Drawing on data collected from 218 Fintech users in South Korea, we empirically validated the interrelationships among three IT qualities, trust, perceived risk, and subsequent Fintech continuance intentions. To ensure a sustainable development of Fintech in the long term, this study provides timely insight into how trust and perceived risk affect the diffusion of Fintech innovations and how IT quality affects uncertainty and subsequent user intentions of Fintech. Our study can help practitioners and policy makers appropriately incorporate IT into their service development to improve innovation success, thereby achieving the sustainable development of Fintech.

2. Theoretical Background

2.1. Fintech Viewpoint

The pace of technological change is ever increasing and ever more transformative. IT innovation accompanied by process disruption and service transformation has dominated the financial service industry in recent years [14]. The term “Fintech” refers to financial sector innovation, which relies on IT-enabled business models aimed at disintermediation of financial transactions.

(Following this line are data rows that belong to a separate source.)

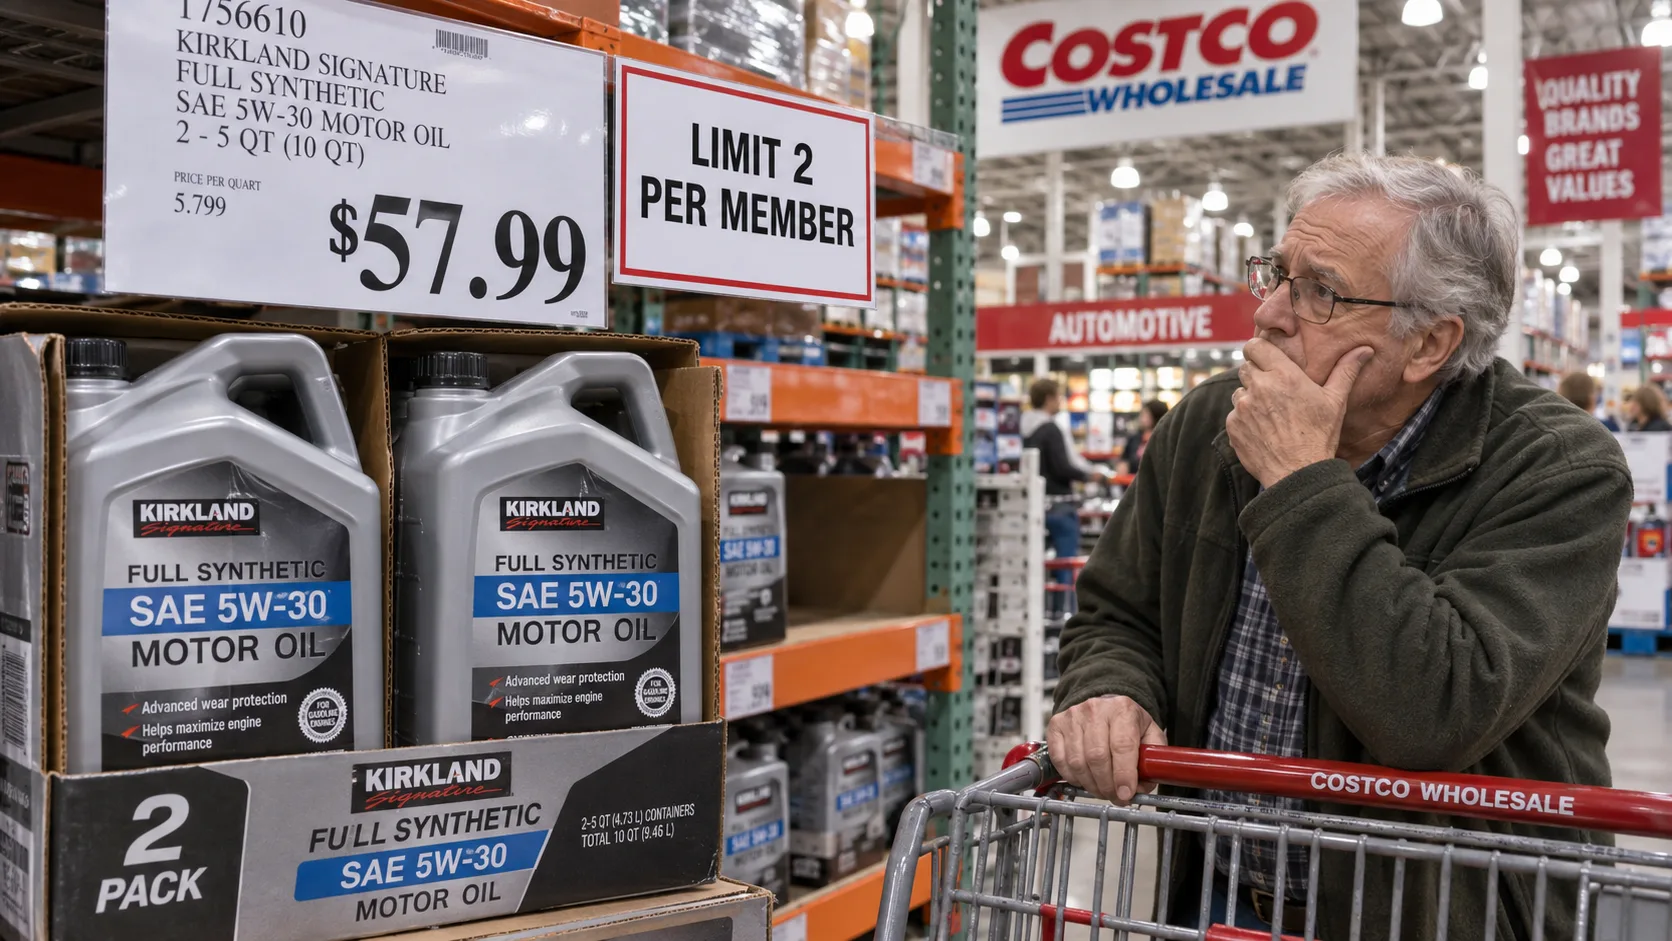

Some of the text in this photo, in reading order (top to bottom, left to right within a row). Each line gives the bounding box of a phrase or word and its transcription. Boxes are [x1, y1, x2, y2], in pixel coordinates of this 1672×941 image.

[180, 0, 306, 38] 1756610
[176, 29, 447, 95] KIRKLAND SIGNATURE
[1001, 1, 1318, 88] COSTCO
[176, 60, 384, 112] FULL SYNTHETIC
[1086, 65, 1306, 113] WHOLESALE
[1543, 69, 1641, 107] QUALITY
[176, 91, 450, 149] SAE 5W-30 MOTOR OIL
[1544, 102, 1640, 138] BRANDS
[176, 121, 190, 144] 2
[218, 126, 229, 148] 5
[240, 130, 275, 155] QT
[284, 133, 316, 161] (10
[324, 140, 365, 169] QT)
[692, 123, 813, 185] LIMIT 2
[1546, 138, 1622, 172] GREAT
[174, 171, 261, 192] PRICE PER QUART
[1545, 169, 1635, 203] VALUES
[174, 192, 226, 217] 5.799
[641, 175, 854, 247] PER MEMBER
[329, 194, 586, 304] $57.99
[1049, 306, 1212, 344] AUTOMOTIVE
[140, 502, 254, 522] KIRKLAND
[506, 500, 600, 517] KIRKLAND
[506, 517, 601, 530] Signature
[141, 522, 254, 537] Signature
[128, 560, 325, 584] FULL SYNTHETIC
[495, 553, 657, 572] FULL SYNTHETIC
[130, 589, 327, 628] SAE 5W-30
[496, 580, 658, 610] SAE 5W-30
[132, 631, 325, 668] MOTOR OIL
[498, 618, 656, 646] MOTOR OIL
[505, 671, 625, 686] Advanced wear protection
[142, 692, 288, 715] Advanced wear protection
[505, 691, 603, 709] Helps maximize engine
[505, 709, 561, 724] performance
[142, 715, 262, 740] Helps maximize engine
[142, 738, 212, 757] performance
[365, 758, 501, 793] KIRKLAND
[365, 783, 502, 810] Signature
[1311, 772, 1575, 816] COSTCO WHOLESALE
[123, 793, 190, 866] 2
[309, 802, 541, 854] FULL SYNTHETIC
[581, 803, 695, 830] 2-5 QT (4.73 L) CONTAINERS
[581, 822, 675, 848] TOTAL 10 QT (9.46 L)
[340, 842, 508, 889] SAE 5W-30
[95, 866, 208, 914] PACK
[355, 881, 501, 923] MOTOR OIL

Disintermediation, an essential characteristic of Fintech, means bypassing or removing traditional financial institutions in finance transactions.
Fintech involves more uncertainty and risks compared with traditional e-banking or e-commerce transactions because the risks in Fintech are not limited to privacy and security, but extend to multidimensional concepts such as performance, transaction processes, and legal, social, financial and time-loss risks [4,5]. For example, peer-to-peer (P2P) lending arrangements can result in bankruptcy during economic recessions because the profitability of P2P lending is highly dependent on the loans they intermediate, putting their balance sheets at risk [15]. For payment services, the anonymity, speed, and global reach of some cryptocurrencies such as Bitcoin can facilitate money laundering, tax evasion, and the funding of illegal activities [4]. Fintech providers who offer global remittance services across multiple countries are struggling with region-specific financial regulations [14]. As a result, the unpredictability of Fintech transactions makes some users fearful of Fintech usage. Researchers have pointed out that Fintech is more likely to be complementary to traditional financial institutions than a competitor because of the former’s high levels of uncertainty and risk [4,14]. The key to success in Fintech business is simultaneously improving customer trust and reducing risk.
Furthermore, a link between financial services and IT was originally applied to the back-end of financial transactions in traditional financial institutions. However, Fintech has expanded financial innovations from the back-end to front-end payments, cross-border transfers, retail banking, lending, and cryptocurrencies [14]. Ernst and Young [12] pointed out that IT in emergent Fintech is a true innovator that disrupts and transforms existing services, transaction processes, and delivery channels, leading to fundamental changes. Because IT has a greater impact in Fintech than it does in traditional e-banking, users may perceive IT quality as representative of overall Fintech quality. Although IT plays a key role for the sustainable development of Fintech, little attention has been paid its effect on continuous use and other factors in a Fintech context.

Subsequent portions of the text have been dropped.